From the airline's beginning, its fleet mix was cited as one of the causes of its financial troubles. Independence Air's fleet ebbed and flowed in an attempt to stay in business. In February 2005, the airline canceled the lease on more than 20 Bombardier CRJ200 jets and British Aerospace Jetstream 41 turbo-prop planes.

At the time of its last flight, Independence had 42 planes, down from a peak of 87.

===Historical fleet===
Independence Air previously operated the following aircraft:

| Aircraft | Total | Introduced | Retired | Notes |
| Airbus A319-100 | 12 | 2004 | 2006 |  |
| Bombardier CRJ200ER | 87 |  |
| Fairchild Dornier 328JET | 33 | 2004 |  |

==Decline==
After its emergence as an independent brand name, Independence Air became known for offering very low airfares: as little as $29 one-way to Florida from Washington Dulles International Airport. However, the company never overcame a series of financial problems during its transition, and its decline started only six months after its launch.

In February 2005, one of its aircraft was repossessed after the company missed a lease payment, after trying and failing to restructure the lease. Later that year, three more aircraft were sold or repossessed and in November 2005, FLYi, Inc., their parent company, declared bankruptcy. The company cited rising costs in the airline industry as the reason its low-cost strategy did not succeed.

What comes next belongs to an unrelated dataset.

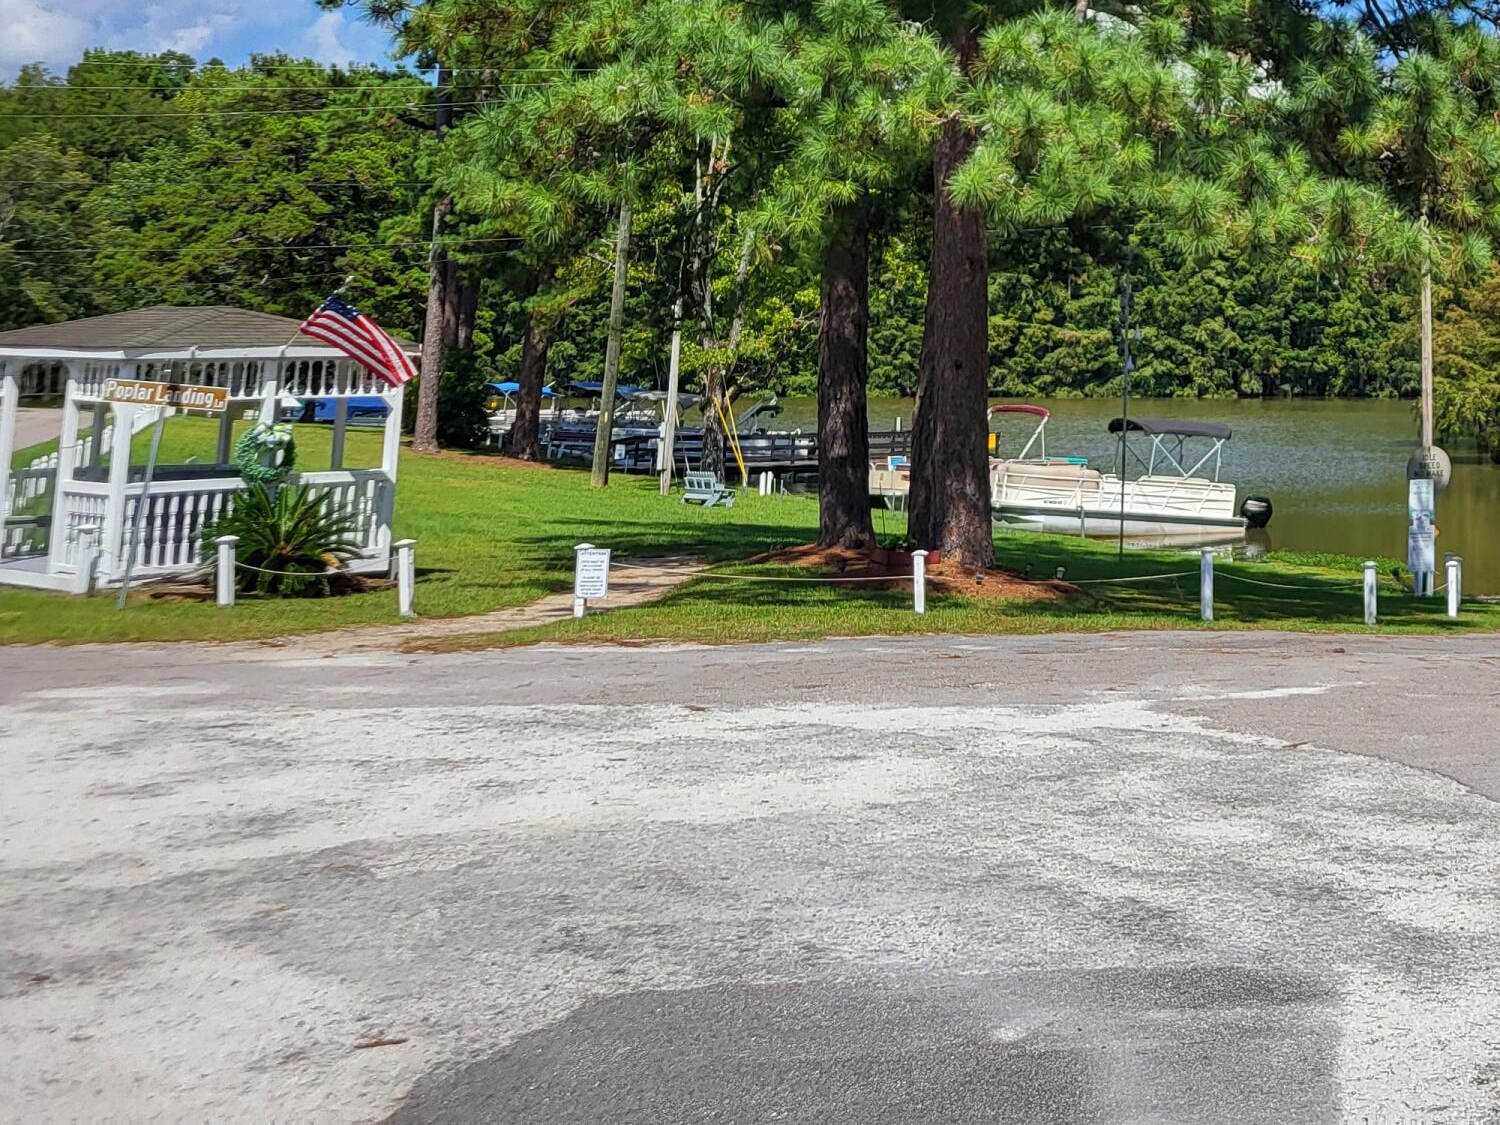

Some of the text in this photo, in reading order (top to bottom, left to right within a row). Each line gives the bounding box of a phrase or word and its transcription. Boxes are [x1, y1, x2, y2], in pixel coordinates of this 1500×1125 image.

[104, 380, 154, 400] Poplar
[154, 384, 215, 408] Landing
[1422, 453, 1437, 461] IDLE
[1418, 461, 1441, 470] SPEED

In the intervening months between FLYi's declaration of bankruptcy and Independence Air's cessation of operations, a number of airlines expressed an interest in acquiring the airline's assets including: Mesa Air Group, United Airlines and Richard Branson.

Not finding a suitable buyer in time to keep the planes flying, Independence Air announced on January 2, 2006, that it would cease operations at 7:26 p.m. UTC-5 on January 5, 2006, following a flight from Westchester County Airport in New York. When the airline ceased operations, it employed more than 2,500 staff,
 many of whom had been with the airline since its inception as Atlantic Coast Airlines. Over its 18 months of operation, Independence carried more than 8 million passengers.

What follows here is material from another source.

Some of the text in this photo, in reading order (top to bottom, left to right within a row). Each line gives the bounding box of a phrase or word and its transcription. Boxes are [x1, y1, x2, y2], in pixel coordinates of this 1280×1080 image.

On March 10, 2006, Northwest Airlines bought the operating certificate of Independence Air for $2 million to establish a new regional airline. On March 29, 2006, Northwest reported that Independence Air would be renamed Compass Airlines. The first flight route would be a twice daily service between Washington Dulles International Airport and Minneapolis-Saint Paul International Airport beginning in early June 2006.

==Destinations==
At the time of its shutdown on January 5, 2006, Independence operated 200 daily departures to 37 destinations throughout the United States, up from 78 flights at its launch.